Search and Rescue team members used the Dosewallips State Park’s field as their command post for the multi-agency rescue of two hikers who had fallen down the Brothers Mountain on May 23. Teams from Jefferson Search and Rescue, Jefferson County Sheriff’s Office, Naval Air Station Whidbey Island Search and Rescue and Olympic Mountain Rescue responded to the emergency. Photo courtesy of Jefferson Search and Rescue

Search and Rescue team members used the Dosewallips State Park’s field as their command post for the multi-agency rescue of two hikers who had fallen down the Brothers Mountain on May 23. Teams from Jefferson Search and Rescue, Jefferson County Sheriff’s Office, Naval Air Station Whidbey Island Search and Rescue and Olympic Mountain Rescue responded to the emergency. Photo courtesy of Jefferson Search and Rescue

Seattle hiker dies during Brothers Mountain hike

A 31-year-old woman from Seattle died after she fell down a crevasse while hiking down the Brothers Mountain in the Olympic National Forest.

Melanie Kondrat was hiking down the mountain Sunday afternoon, May 23, when she slipped along with a man in his 30s who was with her, said Brett Anglin, detective sergeant with the Jefferson County Sheriff’s Office.

The man — unidentified because of privacy concerns — held onto her to prevent her sliding into the 40-foot crevasse, according to the Naval Air State Whidbey Island search and rescue team.

After about 15 minutes, his grip gave out and she plunged to the bottom.

“It’s a tragic situation,” Anglin said. “It affected our responders there very significantly.

“Our heart-felt condolences go out to the family in this tragedy.”

Both hikers had lost their footing while they were hiking at about 5,700 feet and slid down the mountain. They hit rock outcrops, which stopped the man, but Kondrat — who was already unresponsive — kept falling.

When rescuers reached her, they found she was dead, Anglin said.

The man was airlifted to Harborview Medical Center on Sunday and has since been discharged, Anglin said.

Anglin, one of three coordinators who assisted, said that an InReach emergency beacon and a phone call from another group of hikers alerted authorities to the endangered hikers at about 1 p.m. Sunday.

Teams from Jefferson Search and Rescue (JSAR), Jefferson County Sheriff’s Office (JCSO), Naval Air Station Whidbey Island Search and Rescue and Olympic Mountain Rescue formed to respond, Anglin said Tuesday.

The hikers who had called rescuers helped the man to a secure rock face and kept him warm — as he was suffering from hypothermia — but they could not reach Kondrat, Anglin said.

The Whidbey Island Navy crew found a way through the cloud layers and fog to drop two rescuers to the area. They determined the man needed to be flown out for care, and that additional rescue equipment would be needed before attempting to help Kondrat, according to a Facebook post by JSAR.

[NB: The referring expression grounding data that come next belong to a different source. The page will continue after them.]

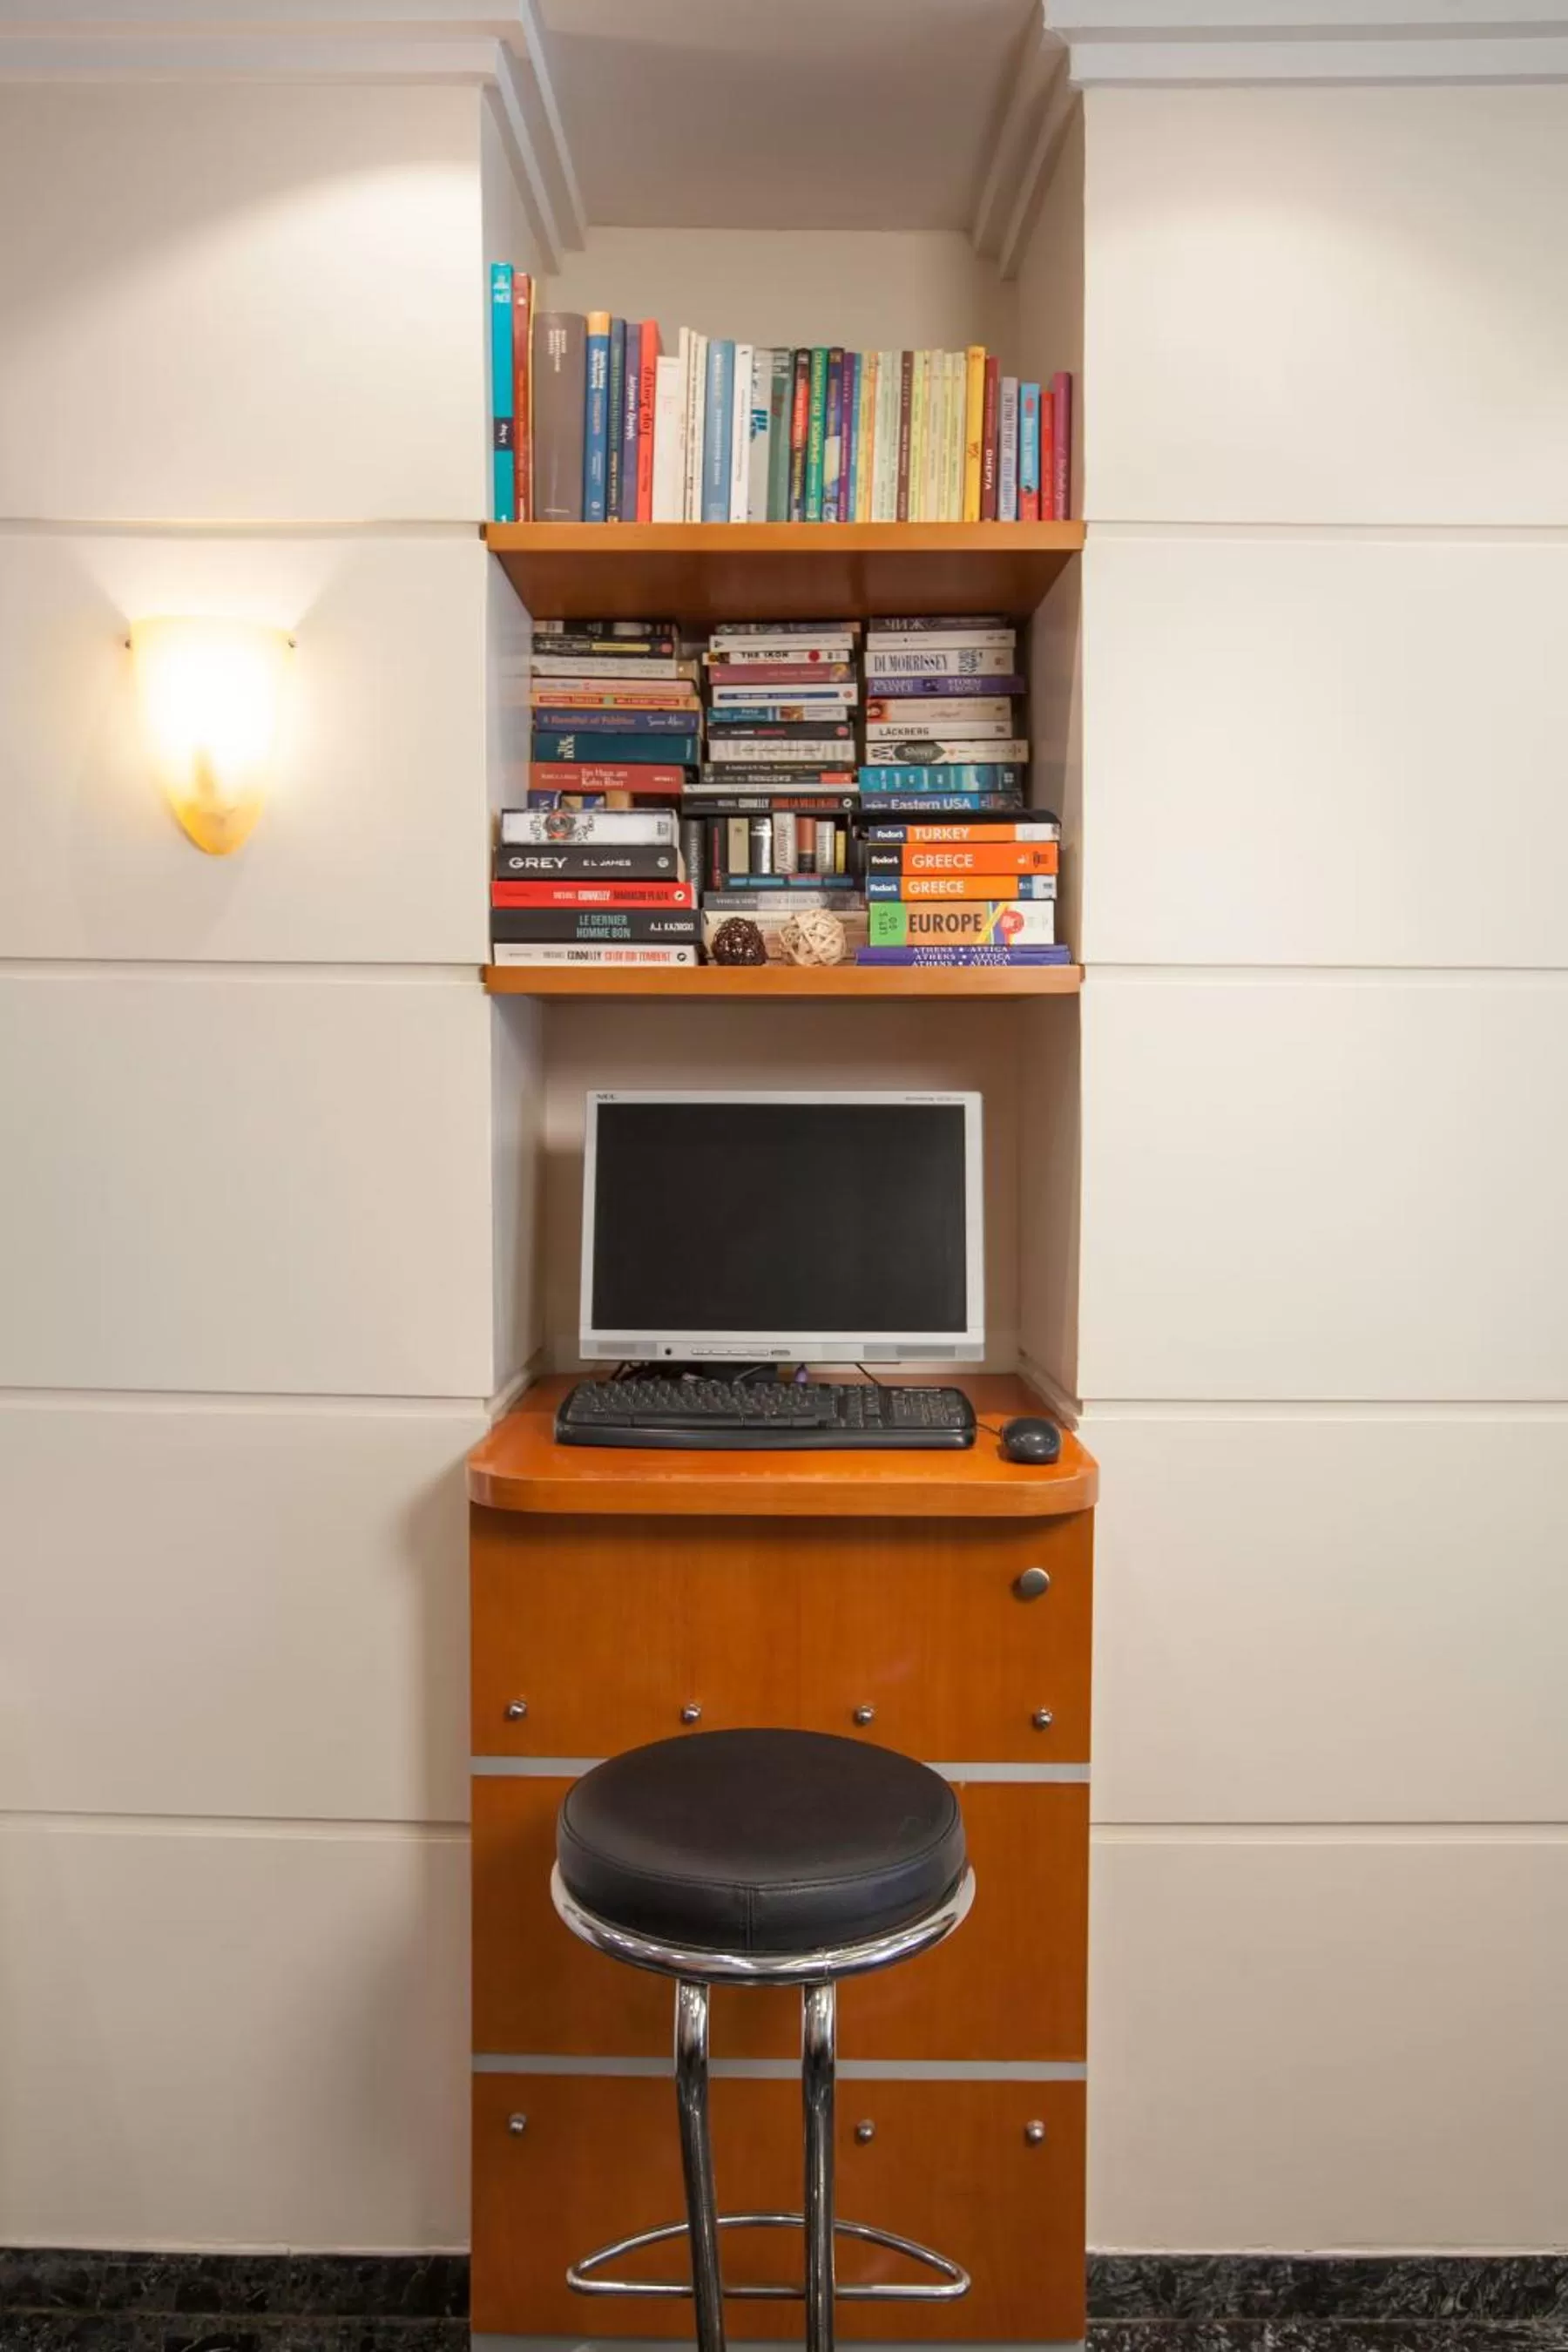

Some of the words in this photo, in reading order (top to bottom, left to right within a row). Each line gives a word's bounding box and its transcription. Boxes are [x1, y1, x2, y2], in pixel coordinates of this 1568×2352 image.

[890, 799, 941, 810] Eastern
[943, 798, 971, 809] USA
[914, 827, 970, 840] TURKEY
[508, 856, 568, 869] GREY
[911, 854, 974, 868] GREECE
[908, 881, 965, 894] GREECE
[578, 916, 589, 925] LE
[591, 915, 628, 925] DERNIER
[909, 913, 983, 934] EUROPE
[577, 928, 611, 939] HOMME
[612, 928, 632, 939] BON

The Navy crew landed in Brinnon to pick up three JSAR members, along with ropes and rigging equipment, while remaining JSAR members and additional personnel from Olympic Mountain Rescue prepared to hike the Lena Lake Trail and climb the route from below to help with the extraction, Anglin said.

After multiple attempts, the helicopter was able to reach the site to drop the JSAR personnel. They hoisted up the man, who was flown to Harborview, and reppelled down to Kondrat, he said.

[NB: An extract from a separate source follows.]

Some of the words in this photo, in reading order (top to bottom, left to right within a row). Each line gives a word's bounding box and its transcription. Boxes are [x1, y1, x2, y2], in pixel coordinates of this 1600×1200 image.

In worsening weather and diminishing daylight, the helicopter team had to make two more trips while navigating cloud layers and low visibility to retrieve the JSAR personnel, Navy medic, Kondrat’s body and the other climbing team, the Navy said in a press release.

The rescue was completed by 8 p.m., Anglin said.

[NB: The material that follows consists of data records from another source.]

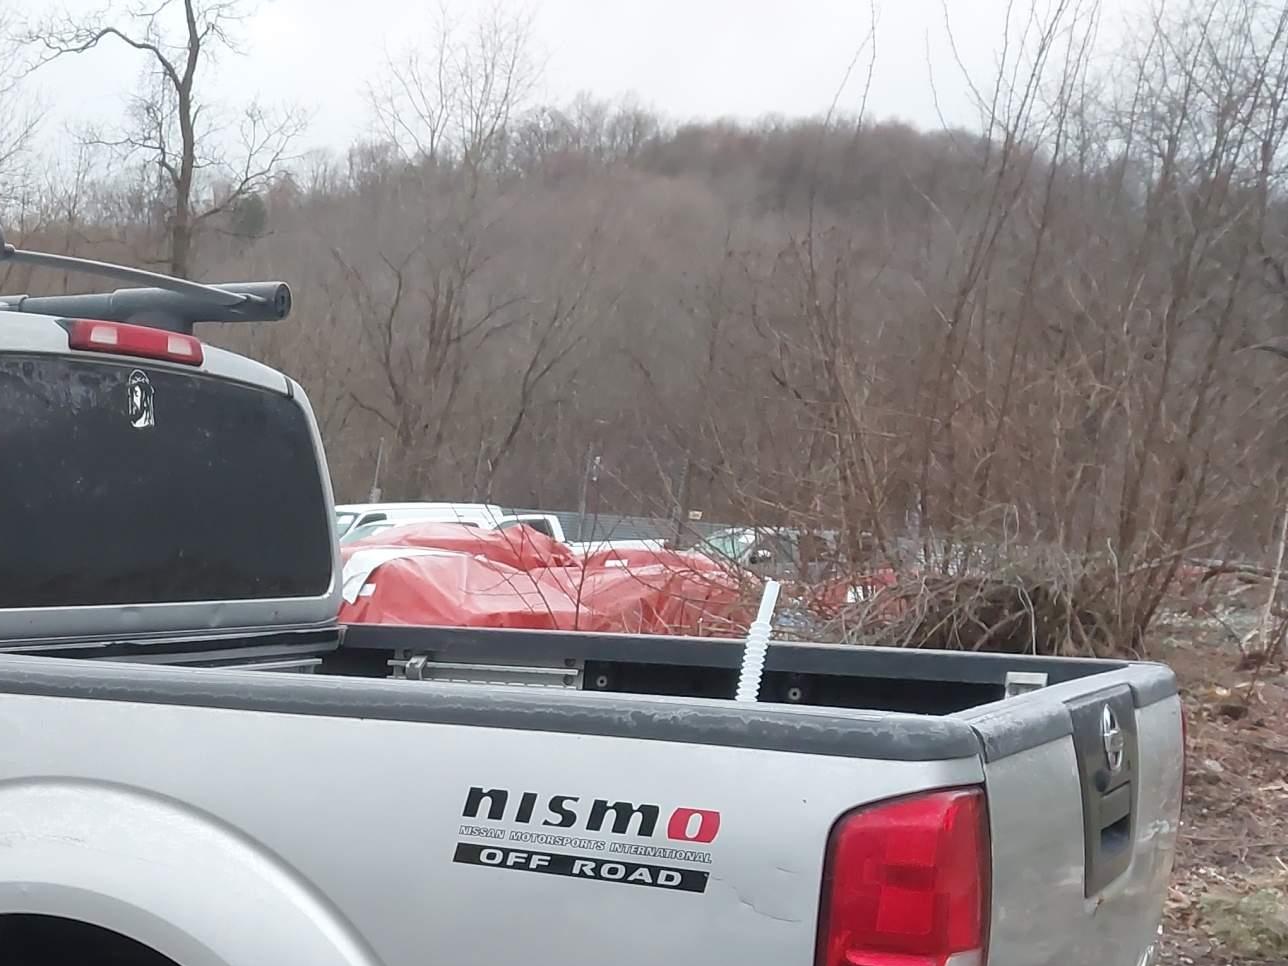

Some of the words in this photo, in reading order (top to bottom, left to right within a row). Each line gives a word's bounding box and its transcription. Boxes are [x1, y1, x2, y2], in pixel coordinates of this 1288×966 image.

[458, 824, 506, 840] NISSAN
[509, 829, 606, 851] MOTORSPORTS
[608, 841, 713, 865] INTERNATIONAL
[478, 847, 552, 869] OFF
[572, 858, 683, 888] ROAD

He was impressed by the massive response from the Navy and other search and rescue teams.

“We can’t say enough good things about everybody who showed up,” Anglin said. “This was an extremely dangerous recovery, and to be even able to conduct this task is not only heroic but just phenomenal work by all parties involved.

“Through their efforts, they were not only able to recover one person, but also bring closure to the family.”